Pil KB kombinasi bekerja dengan cara menghentikan proses pelepasan sel telur (ovum) oleh indung telur (ovarium) atau proses ovulasi. Obat ini juga bekerja dengan cara mengentalkan lendir di leher rahim (serviks) sehingga sperma sulit mencapai telur, sekaligus menipiskan dinding rahim agar sel telur yang telah dibuahi tidak dapat bertumbuh.
Anda bisa memilih pil KB kombinasi yang berisi 21 pil aktif + 7 plasebo, dan 84 pil aktif + 7 pil plasebo. Pil KB kombinasi biasanya dikonsumsi 1 kali sehari.
Pil KB khusus progestin (progesteron sintetis) ini biasanya dikenal dengan nama pil mini. Pil KB ini hanya terdiri dari pil aktif, yang di dalamnya terdapat progestin dengan jumlah yang konstan. Pil mini biasanya digunakan oleh ibu menyusui dan wanita yang tidak boleh mengonsumsi estrogen.

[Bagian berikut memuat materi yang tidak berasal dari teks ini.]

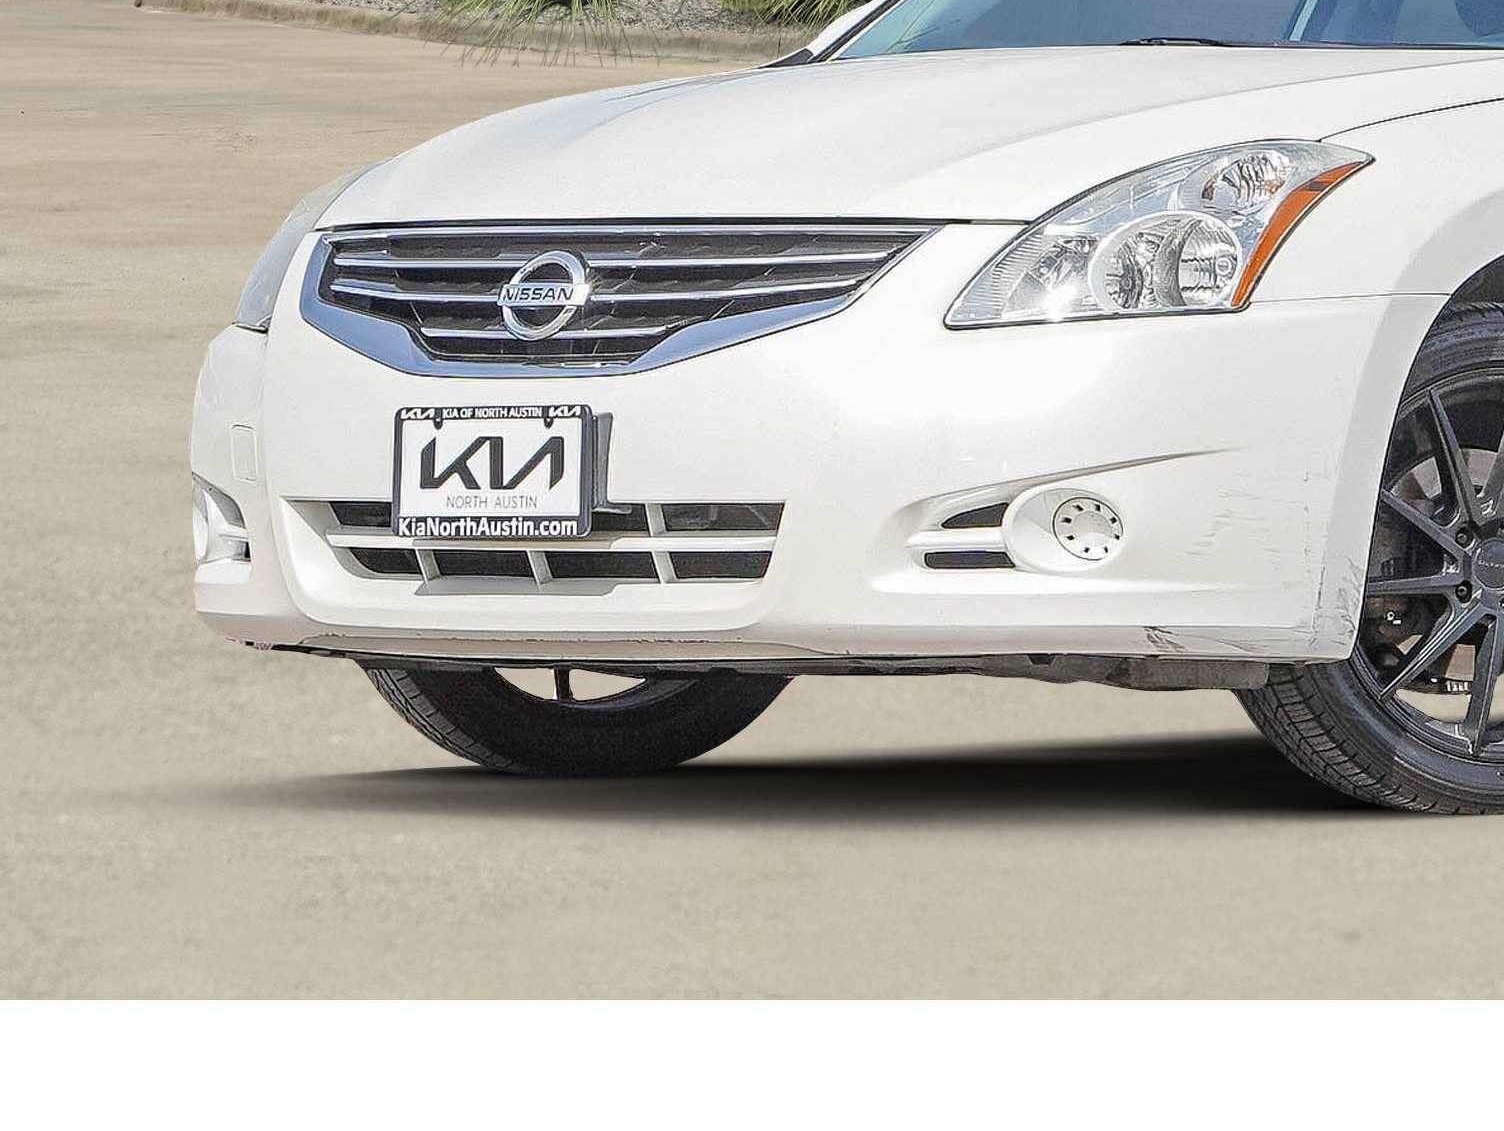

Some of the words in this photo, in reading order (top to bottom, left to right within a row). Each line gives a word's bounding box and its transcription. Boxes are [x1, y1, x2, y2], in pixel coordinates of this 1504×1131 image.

Pil KB khusus progestin terdiri dari 2 jenis. Jenis pertama terdiri 35 pil yang mulai dikonsumsi pada hari pertama menstruasi. Jenis kedua terdiri dari 28 pil yang dapat dikonsumsi kapan saja.
Alat kontrasepsi dengan metode suntik, efektivitasnya juga cukup tinggi, mencapai 99 persen jika digunakan dengan benar. Anda bisa memilih KB suntik dengan durasi 1 bulan atau 3 bulan.
KB implan atau yang biasa disebut susuk, merupakan alat kontrasepsi berukuran kecil dan berbentuk seperti batang korek api. KB implan bekerja dengan cara mengeluarkan hormon progestin secara perlahan yang berfungsi mencegah kehamilan selama 3 tahun. Alat kontrasepsi ini digunakan dengan cara dimasukkan ke bagian bawah kulit, biasanya di lengan bagian atas.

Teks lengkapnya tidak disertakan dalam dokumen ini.